▸ **WORK INSTRUCTIONS**
Exactly and only the lines from the one with "this 1600×1066 image." through the end of the listing are to be transcribed, both ends included.
=====
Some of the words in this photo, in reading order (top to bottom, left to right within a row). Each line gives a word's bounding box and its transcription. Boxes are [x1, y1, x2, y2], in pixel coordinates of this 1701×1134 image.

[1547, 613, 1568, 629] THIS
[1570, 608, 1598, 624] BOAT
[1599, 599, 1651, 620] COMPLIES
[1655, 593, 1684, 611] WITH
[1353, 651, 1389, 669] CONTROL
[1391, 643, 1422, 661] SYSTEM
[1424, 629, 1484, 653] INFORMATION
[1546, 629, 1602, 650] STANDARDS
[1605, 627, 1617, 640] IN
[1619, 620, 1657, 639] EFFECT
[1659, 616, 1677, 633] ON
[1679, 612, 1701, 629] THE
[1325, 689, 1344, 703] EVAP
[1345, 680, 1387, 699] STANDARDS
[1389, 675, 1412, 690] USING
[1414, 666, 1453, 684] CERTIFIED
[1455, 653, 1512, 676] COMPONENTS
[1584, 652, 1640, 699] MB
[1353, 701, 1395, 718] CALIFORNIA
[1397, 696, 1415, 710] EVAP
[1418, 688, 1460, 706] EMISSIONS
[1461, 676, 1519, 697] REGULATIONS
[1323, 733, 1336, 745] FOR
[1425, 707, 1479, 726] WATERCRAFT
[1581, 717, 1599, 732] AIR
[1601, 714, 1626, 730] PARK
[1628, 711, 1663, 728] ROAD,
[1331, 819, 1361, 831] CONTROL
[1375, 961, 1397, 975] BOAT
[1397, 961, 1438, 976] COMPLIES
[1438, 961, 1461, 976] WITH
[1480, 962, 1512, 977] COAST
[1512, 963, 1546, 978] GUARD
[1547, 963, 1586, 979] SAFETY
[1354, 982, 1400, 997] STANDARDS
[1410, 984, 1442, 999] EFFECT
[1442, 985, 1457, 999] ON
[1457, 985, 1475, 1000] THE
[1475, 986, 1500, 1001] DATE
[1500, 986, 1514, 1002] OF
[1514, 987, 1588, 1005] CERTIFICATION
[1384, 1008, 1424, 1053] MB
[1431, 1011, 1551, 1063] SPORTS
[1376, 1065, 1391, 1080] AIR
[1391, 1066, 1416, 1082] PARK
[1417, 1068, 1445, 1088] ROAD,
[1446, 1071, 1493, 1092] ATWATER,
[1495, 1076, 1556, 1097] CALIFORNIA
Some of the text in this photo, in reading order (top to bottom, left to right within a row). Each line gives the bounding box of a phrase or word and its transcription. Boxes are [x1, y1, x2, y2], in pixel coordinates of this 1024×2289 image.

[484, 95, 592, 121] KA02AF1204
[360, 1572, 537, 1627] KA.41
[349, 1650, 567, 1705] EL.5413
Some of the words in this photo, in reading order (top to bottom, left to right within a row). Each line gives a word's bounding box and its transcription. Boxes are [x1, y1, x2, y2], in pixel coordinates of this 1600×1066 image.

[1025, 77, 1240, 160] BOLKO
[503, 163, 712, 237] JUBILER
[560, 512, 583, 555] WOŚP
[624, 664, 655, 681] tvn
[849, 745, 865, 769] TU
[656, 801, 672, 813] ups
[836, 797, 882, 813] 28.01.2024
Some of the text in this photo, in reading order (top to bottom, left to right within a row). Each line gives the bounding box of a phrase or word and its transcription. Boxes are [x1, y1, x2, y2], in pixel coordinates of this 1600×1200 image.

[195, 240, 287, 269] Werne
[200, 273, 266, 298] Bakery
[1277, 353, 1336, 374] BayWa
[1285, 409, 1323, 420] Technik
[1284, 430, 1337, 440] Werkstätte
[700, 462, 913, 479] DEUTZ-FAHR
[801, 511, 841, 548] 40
=====
▸ **TASK ANSWER**
Some of the words in this photo, in reading order (top to bottom, left to right within a row). Each line gives a word's bounding box and its transcription. Boxes are [x1, y1, x2, y2], in pixel coordinates of this 1600×1066 image.

[1025, 77, 1240, 160] BOLKO
[503, 163, 712, 237] JUBILER
[560, 512, 583, 555] WOŚP
[624, 664, 655, 681] tvn
[849, 745, 865, 769] TU
[656, 801, 672, 813] ups
[836, 797, 882, 813] 28.01.2024
Some of the text in this photo, in reading order (top to bottom, left to right within a row). Each line gives the bounding box of a phrase or word and its transcription. Boxes are [x1, y1, x2, y2], in pixel coordinates of this 1600×1200 image.

[195, 240, 287, 269] Werne
[200, 273, 266, 298] Bakery
[1277, 353, 1336, 374] BayWa
[1285, 409, 1323, 420] Technik
[1284, 430, 1337, 440] Werkstätte
[700, 462, 913, 479] DEUTZ-FAHR
[801, 511, 841, 548] 40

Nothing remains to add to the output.